For the most part, my personal education aside, I consider the last four years and the countless thousands of hours I've spent in bloggerdom to be an utter waste of time and a failure. I wish I'd never gotten involved in blogging and also wish I'd written American Zen and those other three novels years ago. But any longterm failure is really more a reflection of the petty politics of political blogging and the cloistered, clannish community of the A listers who regularly listen in on conference calls with the likes of Ted Kennedy and visit Bill Clinton in his Harlem office. (Did you know that the A listers have their own secret email list that excludes the rest of us?).
Fuck 'em all, I say. I was never an A lister, not even a B lister 99.9% of the time but I'm damned proud that I held their feet to the fire and tried to keep them honest. Most of them don't deserve superstar status or access to the political elite or the mainstream media. I didn't get in to this to get my puss plastered on TV or win useless awards that will not one iota improve my lot in life.
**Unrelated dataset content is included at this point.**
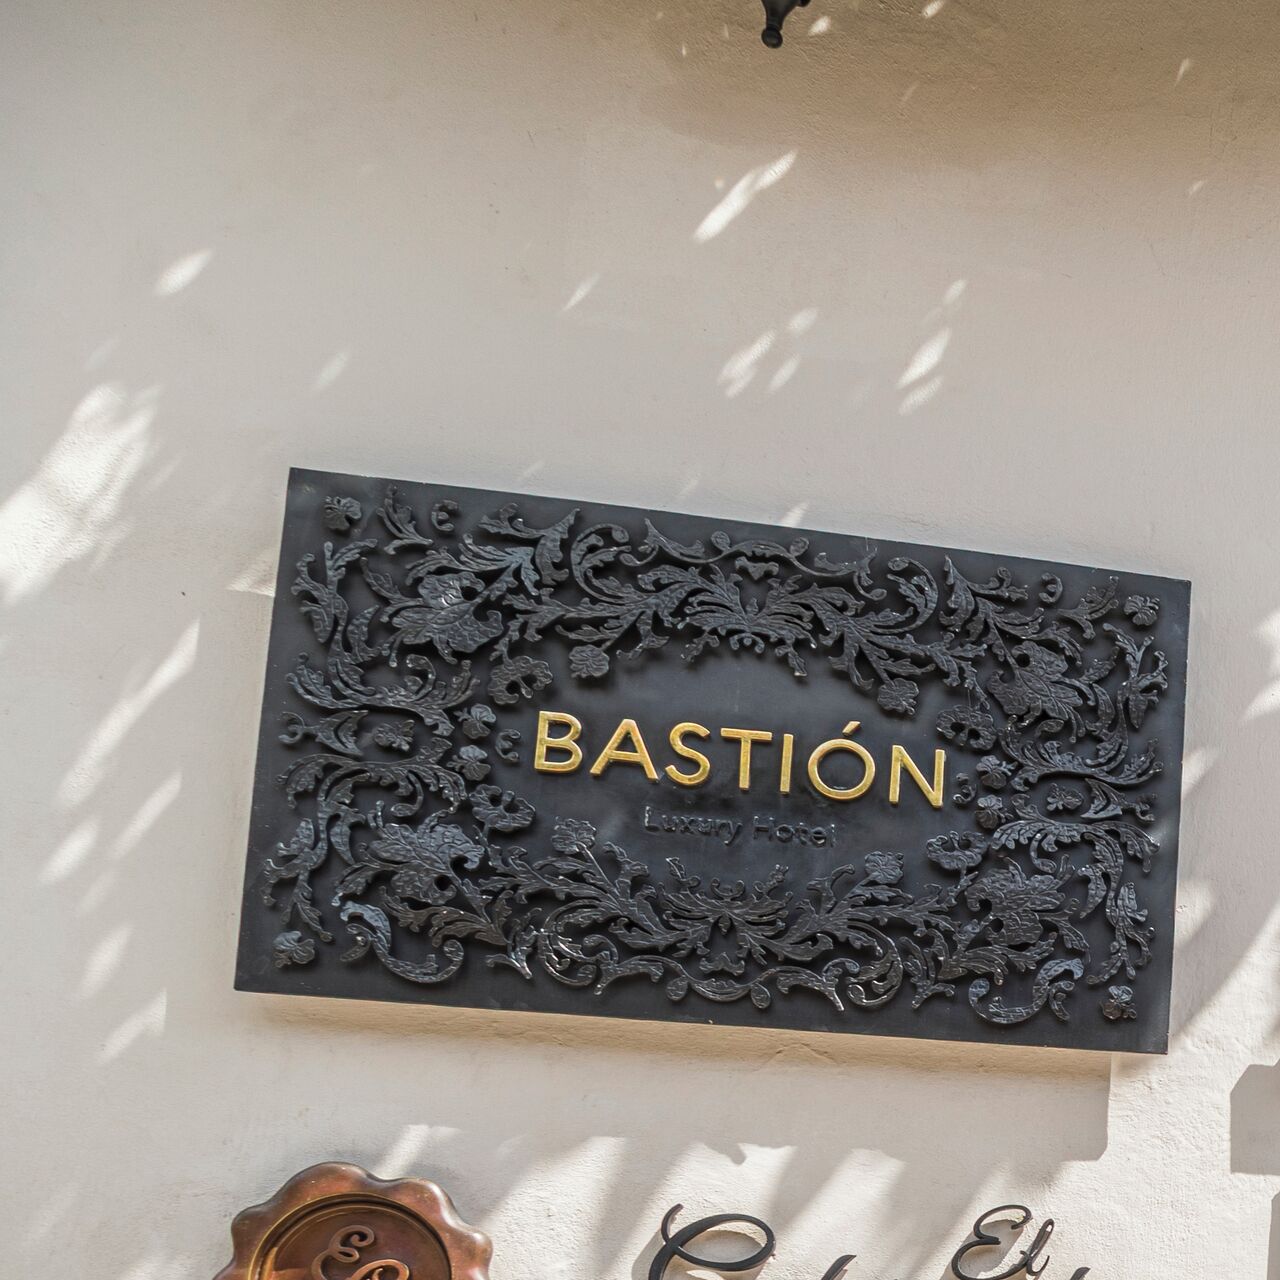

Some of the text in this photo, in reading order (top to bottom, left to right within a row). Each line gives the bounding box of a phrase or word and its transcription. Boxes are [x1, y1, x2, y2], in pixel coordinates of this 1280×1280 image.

I got into this dirty, thankless game to get people to think, rethink and maybe to start blogs of their own, to show them through my example that sometimes, for brief periods of time, blogging can actually transcend mere wordsmithing into something in which we can be proud, in offering a tiny slice of the world a tiny slice of a human mind, a mind forever incomplete but in a continual, Protean state of neverending education.
And for those who've been on the wild ride and long, strange trip with me, I thank you and curse you when I want to throw in the fucking towel and a kind, encouraging word from a few won't let me and pull me back in. Of course, it's not you who pull me back in: It's really me getting myself off the floor.